[Stored data entries]

================

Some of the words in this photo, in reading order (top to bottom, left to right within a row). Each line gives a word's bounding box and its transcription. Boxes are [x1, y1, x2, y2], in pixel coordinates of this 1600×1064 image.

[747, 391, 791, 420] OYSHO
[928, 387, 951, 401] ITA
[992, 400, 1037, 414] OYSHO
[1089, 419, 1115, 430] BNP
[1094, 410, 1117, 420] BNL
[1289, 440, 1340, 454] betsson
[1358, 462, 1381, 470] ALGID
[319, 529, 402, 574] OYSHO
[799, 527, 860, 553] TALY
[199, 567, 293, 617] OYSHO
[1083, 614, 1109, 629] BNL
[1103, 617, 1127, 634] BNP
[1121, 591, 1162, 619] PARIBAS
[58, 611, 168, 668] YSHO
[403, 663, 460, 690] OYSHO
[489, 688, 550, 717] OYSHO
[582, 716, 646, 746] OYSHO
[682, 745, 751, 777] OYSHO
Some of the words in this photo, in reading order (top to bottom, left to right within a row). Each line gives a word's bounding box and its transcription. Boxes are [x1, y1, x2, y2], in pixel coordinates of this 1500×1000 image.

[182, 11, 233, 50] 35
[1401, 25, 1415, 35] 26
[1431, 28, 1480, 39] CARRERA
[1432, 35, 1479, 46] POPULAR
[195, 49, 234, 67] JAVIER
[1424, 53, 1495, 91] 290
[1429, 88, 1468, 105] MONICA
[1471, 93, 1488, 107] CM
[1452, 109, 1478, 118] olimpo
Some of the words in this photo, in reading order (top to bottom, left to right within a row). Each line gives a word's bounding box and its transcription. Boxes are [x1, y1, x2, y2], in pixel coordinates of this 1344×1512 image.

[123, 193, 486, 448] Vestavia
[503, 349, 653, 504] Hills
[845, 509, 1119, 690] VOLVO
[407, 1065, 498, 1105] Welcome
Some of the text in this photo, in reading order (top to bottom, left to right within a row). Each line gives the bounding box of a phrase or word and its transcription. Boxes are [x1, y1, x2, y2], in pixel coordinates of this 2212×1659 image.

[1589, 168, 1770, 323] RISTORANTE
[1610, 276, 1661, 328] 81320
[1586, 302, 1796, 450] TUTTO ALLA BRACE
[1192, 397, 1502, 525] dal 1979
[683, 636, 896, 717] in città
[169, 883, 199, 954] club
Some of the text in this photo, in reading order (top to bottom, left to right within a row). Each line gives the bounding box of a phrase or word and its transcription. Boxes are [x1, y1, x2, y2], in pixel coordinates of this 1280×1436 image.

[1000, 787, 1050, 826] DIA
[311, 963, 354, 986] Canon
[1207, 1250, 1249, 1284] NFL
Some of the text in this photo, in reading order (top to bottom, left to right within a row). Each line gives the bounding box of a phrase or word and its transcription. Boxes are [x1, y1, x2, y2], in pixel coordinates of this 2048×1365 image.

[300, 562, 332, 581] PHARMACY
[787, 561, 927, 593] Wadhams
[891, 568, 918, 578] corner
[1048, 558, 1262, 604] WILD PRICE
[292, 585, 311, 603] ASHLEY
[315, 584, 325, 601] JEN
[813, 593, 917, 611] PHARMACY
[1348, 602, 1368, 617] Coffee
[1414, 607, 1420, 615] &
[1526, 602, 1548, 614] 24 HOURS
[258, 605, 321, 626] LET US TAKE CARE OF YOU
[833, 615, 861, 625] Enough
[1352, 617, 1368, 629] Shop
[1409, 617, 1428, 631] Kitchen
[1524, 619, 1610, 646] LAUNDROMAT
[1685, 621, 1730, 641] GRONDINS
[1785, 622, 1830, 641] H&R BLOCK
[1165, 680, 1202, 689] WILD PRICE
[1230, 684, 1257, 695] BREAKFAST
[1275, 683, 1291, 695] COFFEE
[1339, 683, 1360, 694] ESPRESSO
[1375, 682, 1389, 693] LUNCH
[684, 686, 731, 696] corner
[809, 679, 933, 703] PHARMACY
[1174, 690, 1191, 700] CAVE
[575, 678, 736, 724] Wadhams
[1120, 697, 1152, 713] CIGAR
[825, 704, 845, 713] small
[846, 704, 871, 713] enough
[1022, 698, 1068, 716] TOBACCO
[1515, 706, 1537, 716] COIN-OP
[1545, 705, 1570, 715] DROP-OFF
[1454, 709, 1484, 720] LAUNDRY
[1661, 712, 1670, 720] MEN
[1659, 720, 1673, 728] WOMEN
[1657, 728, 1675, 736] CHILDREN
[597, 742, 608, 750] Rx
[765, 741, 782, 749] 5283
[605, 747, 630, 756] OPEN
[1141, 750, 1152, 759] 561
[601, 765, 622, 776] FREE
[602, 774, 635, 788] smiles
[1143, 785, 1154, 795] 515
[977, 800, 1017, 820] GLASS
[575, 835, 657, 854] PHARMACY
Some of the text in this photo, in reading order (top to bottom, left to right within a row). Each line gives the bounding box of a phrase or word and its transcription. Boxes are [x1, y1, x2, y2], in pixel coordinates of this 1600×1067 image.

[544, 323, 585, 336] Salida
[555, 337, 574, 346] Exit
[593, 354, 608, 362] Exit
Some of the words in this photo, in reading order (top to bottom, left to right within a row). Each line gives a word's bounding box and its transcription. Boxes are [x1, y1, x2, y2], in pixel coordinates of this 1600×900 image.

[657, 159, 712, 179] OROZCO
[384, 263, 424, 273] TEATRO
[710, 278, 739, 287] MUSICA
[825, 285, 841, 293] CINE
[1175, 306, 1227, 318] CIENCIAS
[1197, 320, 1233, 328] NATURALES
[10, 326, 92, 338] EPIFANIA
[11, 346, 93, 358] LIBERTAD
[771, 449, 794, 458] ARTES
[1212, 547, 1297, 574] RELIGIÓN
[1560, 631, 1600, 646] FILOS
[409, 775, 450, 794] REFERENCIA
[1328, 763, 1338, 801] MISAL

================

BRIEF =
The records above should be returned exactly.

TASK RESULT =
Some of the words in this photo, in reading order (top to bottom, left to right within a row). Each line gives a word's bounding box and its transcription. Boxes are [x1, y1, x2, y2], in pixel coordinates of this 1600×1064 image.

[747, 391, 791, 420] OYSHO
[928, 387, 951, 401] ITA
[992, 400, 1037, 414] OYSHO
[1089, 419, 1115, 430] BNP
[1094, 410, 1117, 420] BNL
[1289, 440, 1340, 454] betsson
[1358, 462, 1381, 470] ALGID
[319, 529, 402, 574] OYSHO
[799, 527, 860, 553] TALY
[199, 567, 293, 617] OYSHO
[1083, 614, 1109, 629] BNL
[1103, 617, 1127, 634] BNP
[1121, 591, 1162, 619] PARIBAS
[58, 611, 168, 668] YSHO
[403, 663, 460, 690] OYSHO
[489, 688, 550, 717] OYSHO
[582, 716, 646, 746] OYSHO
[682, 745, 751, 777] OYSHO
Some of the words in this photo, in reading order (top to bottom, left to right within a row). Each line gives a word's bounding box and its transcription. Boxes are [x1, y1, x2, y2], in pixel coordinates of this 1500×1000 image.

[182, 11, 233, 50] 35
[1401, 25, 1415, 35] 26
[1431, 28, 1480, 39] CARRERA
[1432, 35, 1479, 46] POPULAR
[195, 49, 234, 67] JAVIER
[1424, 53, 1495, 91] 290
[1429, 88, 1468, 105] MONICA
[1471, 93, 1488, 107] CM
[1452, 109, 1478, 118] olimpo
Some of the words in this photo, in reading order (top to bottom, left to right within a row). Each line gives a word's bounding box and its transcription. Boxes are [x1, y1, x2, y2], in pixel coordinates of this 1344×1512 image.

[123, 193, 486, 448] Vestavia
[503, 349, 653, 504] Hills
[845, 509, 1119, 690] VOLVO
[407, 1065, 498, 1105] Welcome
Some of the text in this photo, in reading order (top to bottom, left to right within a row). Each line gives the bounding box of a phrase or word and its transcription. Boxes are [x1, y1, x2, y2], in pixel coordinates of this 2212×1659 image.

[1589, 168, 1770, 323] RISTORANTE
[1610, 276, 1661, 328] 81320
[1586, 302, 1796, 450] TUTTO ALLA BRACE
[1192, 397, 1502, 525] dal 1979
[683, 636, 896, 717] in città
[169, 883, 199, 954] club
Some of the text in this photo, in reading order (top to bottom, left to right within a row). Each line gives the bounding box of a phrase or word and its transcription. Boxes are [x1, y1, x2, y2], in pixel coordinates of this 1280×1436 image.

[1000, 787, 1050, 826] DIA
[311, 963, 354, 986] Canon
[1207, 1250, 1249, 1284] NFL
Some of the text in this photo, in reading order (top to bottom, left to right within a row). Each line gives the bounding box of a phrase or word and its transcription. Boxes are [x1, y1, x2, y2], in pixel coordinates of this 2048×1365 image.

[300, 562, 332, 581] PHARMACY
[787, 561, 927, 593] Wadhams
[891, 568, 918, 578] corner
[1048, 558, 1262, 604] WILD PRICE
[292, 585, 311, 603] ASHLEY
[315, 584, 325, 601] JEN
[813, 593, 917, 611] PHARMACY
[1348, 602, 1368, 617] Coffee
[1414, 607, 1420, 615] &
[1526, 602, 1548, 614] 24 HOURS
[258, 605, 321, 626] LET US TAKE CARE OF YOU
[833, 615, 861, 625] Enough
[1352, 617, 1368, 629] Shop
[1409, 617, 1428, 631] Kitchen
[1524, 619, 1610, 646] LAUNDROMAT
[1685, 621, 1730, 641] GRONDINS
[1785, 622, 1830, 641] H&R BLOCK
[1165, 680, 1202, 689] WILD PRICE
[1230, 684, 1257, 695] BREAKFAST
[1275, 683, 1291, 695] COFFEE
[1339, 683, 1360, 694] ESPRESSO
[1375, 682, 1389, 693] LUNCH
[684, 686, 731, 696] corner
[809, 679, 933, 703] PHARMACY
[1174, 690, 1191, 700] CAVE
[575, 678, 736, 724] Wadhams
[1120, 697, 1152, 713] CIGAR
[825, 704, 845, 713] small
[846, 704, 871, 713] enough
[1022, 698, 1068, 716] TOBACCO
[1515, 706, 1537, 716] COIN-OP
[1545, 705, 1570, 715] DROP-OFF
[1454, 709, 1484, 720] LAUNDRY
[1661, 712, 1670, 720] MEN
[1659, 720, 1673, 728] WOMEN
[1657, 728, 1675, 736] CHILDREN
[597, 742, 608, 750] Rx
[765, 741, 782, 749] 5283
[605, 747, 630, 756] OPEN
[1141, 750, 1152, 759] 561
[601, 765, 622, 776] FREE
[602, 774, 635, 788] smiles
[1143, 785, 1154, 795] 515
[977, 800, 1017, 820] GLASS
[575, 835, 657, 854] PHARMACY
Some of the text in this photo, in reading order (top to bottom, left to right within a row). Each line gives the bounding box of a phrase or word and its transcription. Boxes are [x1, y1, x2, y2], in pixel coordinates of this 1600×1067 image.

[544, 323, 585, 336] Salida
[555, 337, 574, 346] Exit
[593, 354, 608, 362] Exit
Some of the words in this photo, in reading order (top to bottom, left to right within a row). Each line gives a word's bounding box and its transcription. Boxes are [x1, y1, x2, y2], in pixel coordinates of this 1600×900 image.

[657, 159, 712, 179] OROZCO
[384, 263, 424, 273] TEATRO
[710, 278, 739, 287] MUSICA
[825, 285, 841, 293] CINE
[1175, 306, 1227, 318] CIENCIAS
[1197, 320, 1233, 328] NATURALES
[10, 326, 92, 338] EPIFANIA
[11, 346, 93, 358] LIBERTAD
[771, 449, 794, 458] ARTES
[1212, 547, 1297, 574] RELIGIÓN
[1560, 631, 1600, 646] FILOS
[409, 775, 450, 794] REFERENCIA
[1328, 763, 1338, 801] MISAL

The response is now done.